(Given data Opens)
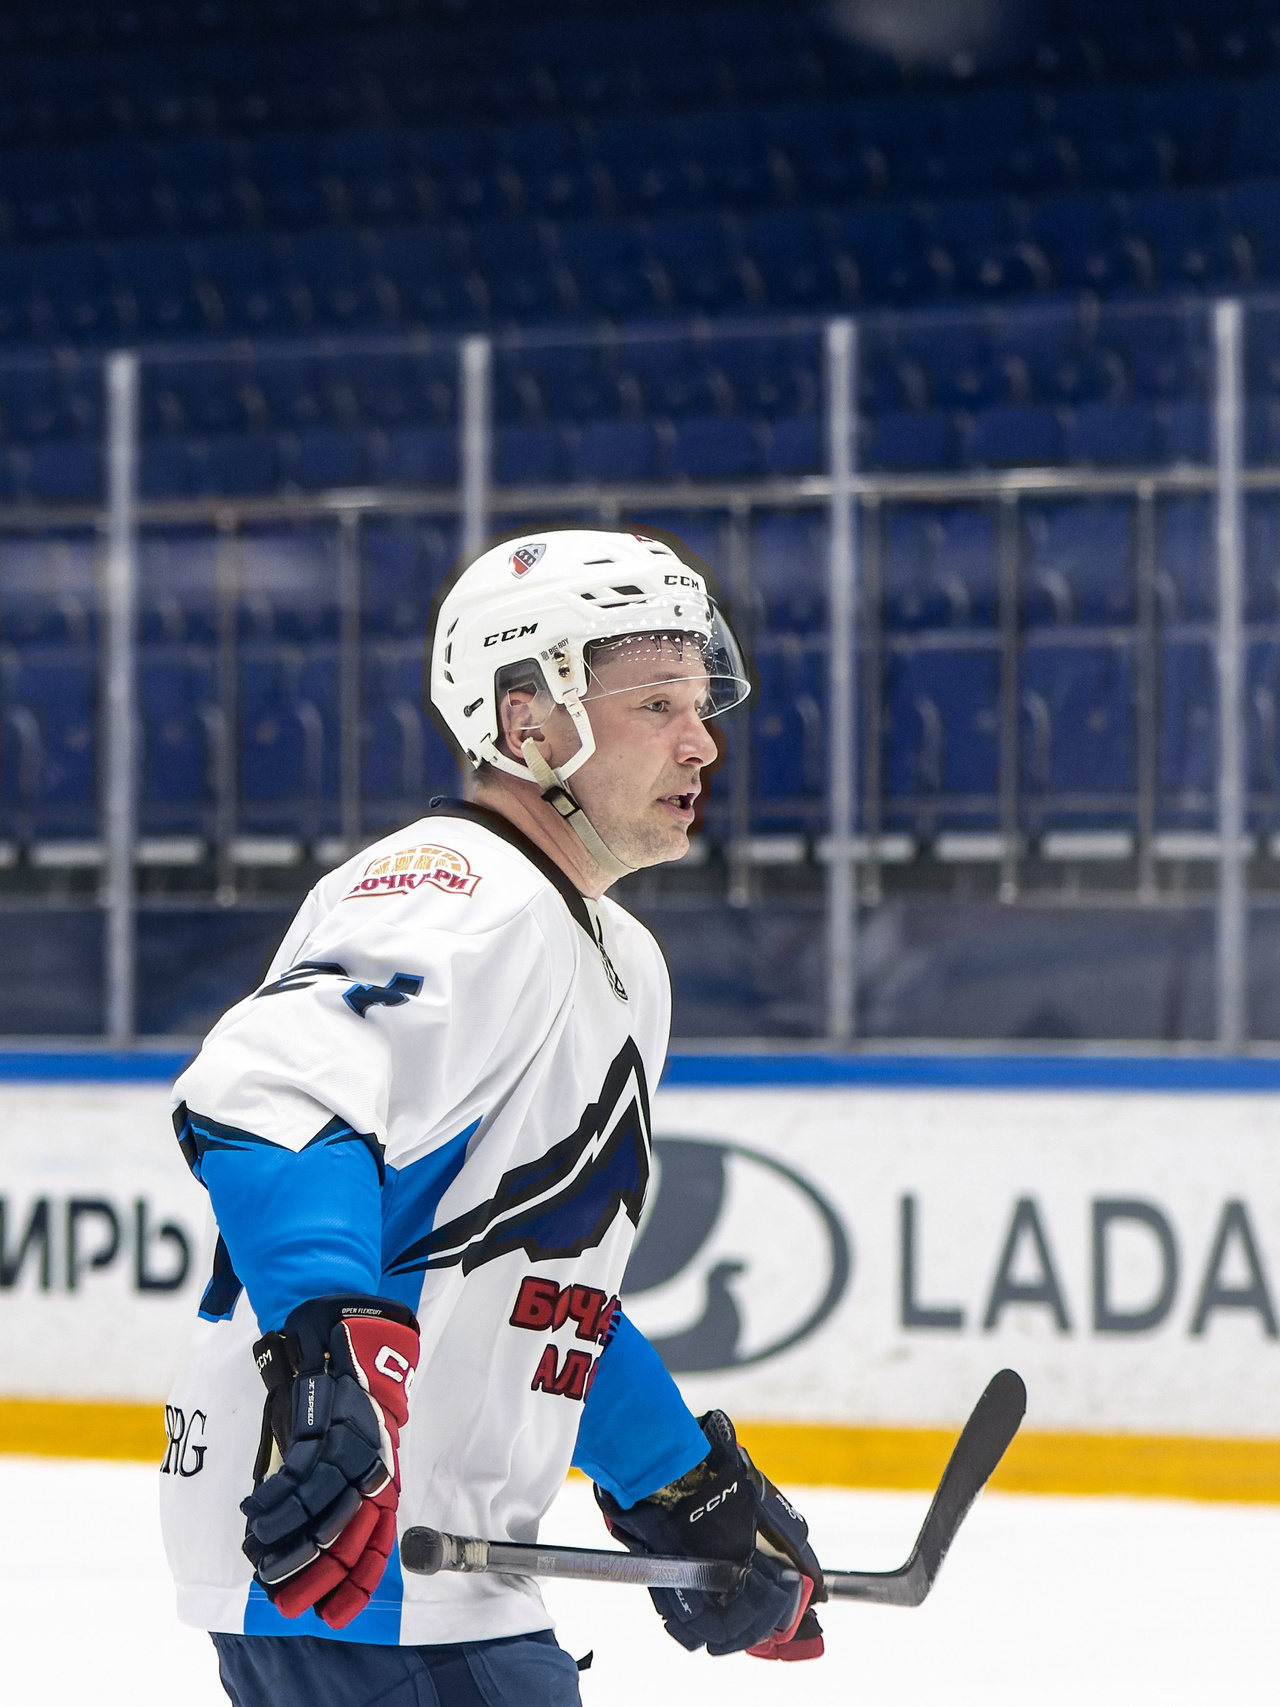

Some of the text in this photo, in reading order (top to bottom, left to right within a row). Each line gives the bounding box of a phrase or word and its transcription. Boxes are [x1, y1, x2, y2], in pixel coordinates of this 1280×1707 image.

[663, 574, 700, 591] CCM
[483, 622, 539, 648] CCM
[899, 1192, 1280, 1339] LADA
[341, 1307, 358, 1315] OPEN
[307, 1378, 315, 1427] JETSPEED
[689, 1481, 738, 1523] CCM
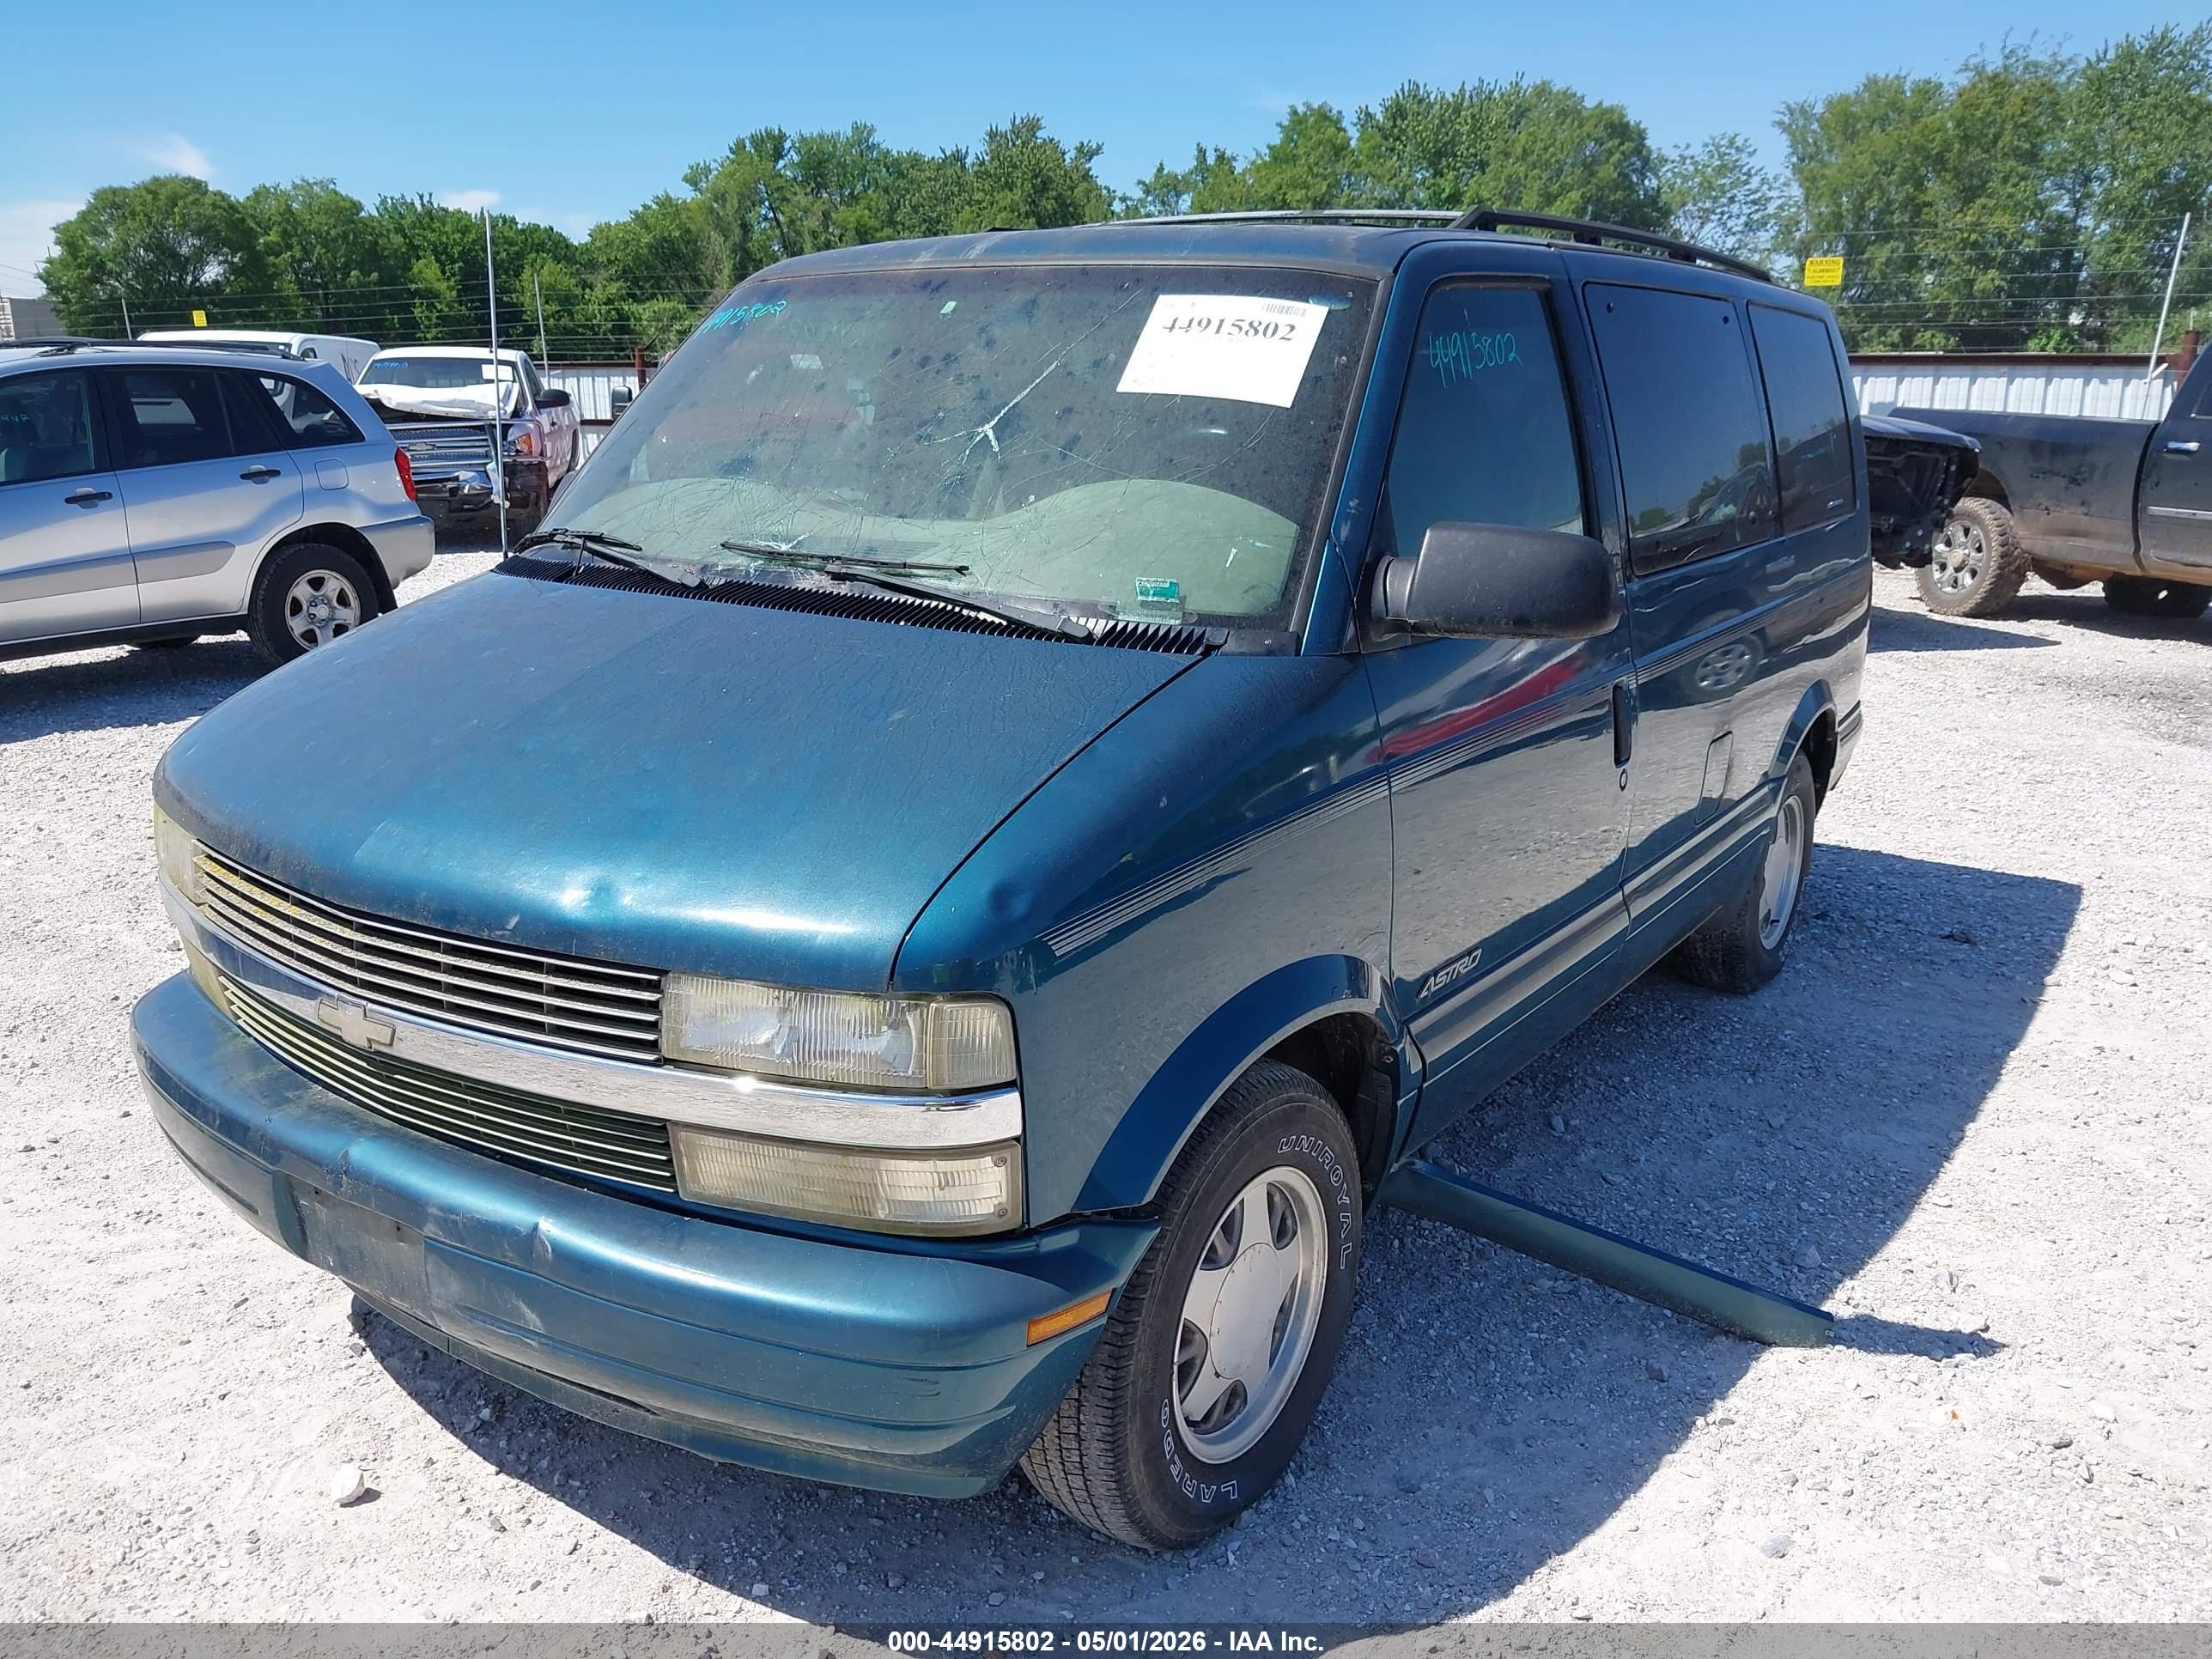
(Given data Closes)
### What to produce:
Each line of the data must be transcribed exactly; pictures are not carried over.

### Result:
Some of the text in this photo, in reading order (top to bottom, left to right within a row). Each line gives the bounding box of a phrase or word and its transcription. Boxes are [x1, y1, x2, y2], in pixel coordinates of this 1280×1707 image.

[663, 574, 700, 591] CCM
[483, 622, 539, 648] CCM
[899, 1192, 1280, 1339] LADA
[341, 1307, 358, 1315] OPEN
[307, 1378, 315, 1427] JETSPEED
[689, 1481, 738, 1523] CCM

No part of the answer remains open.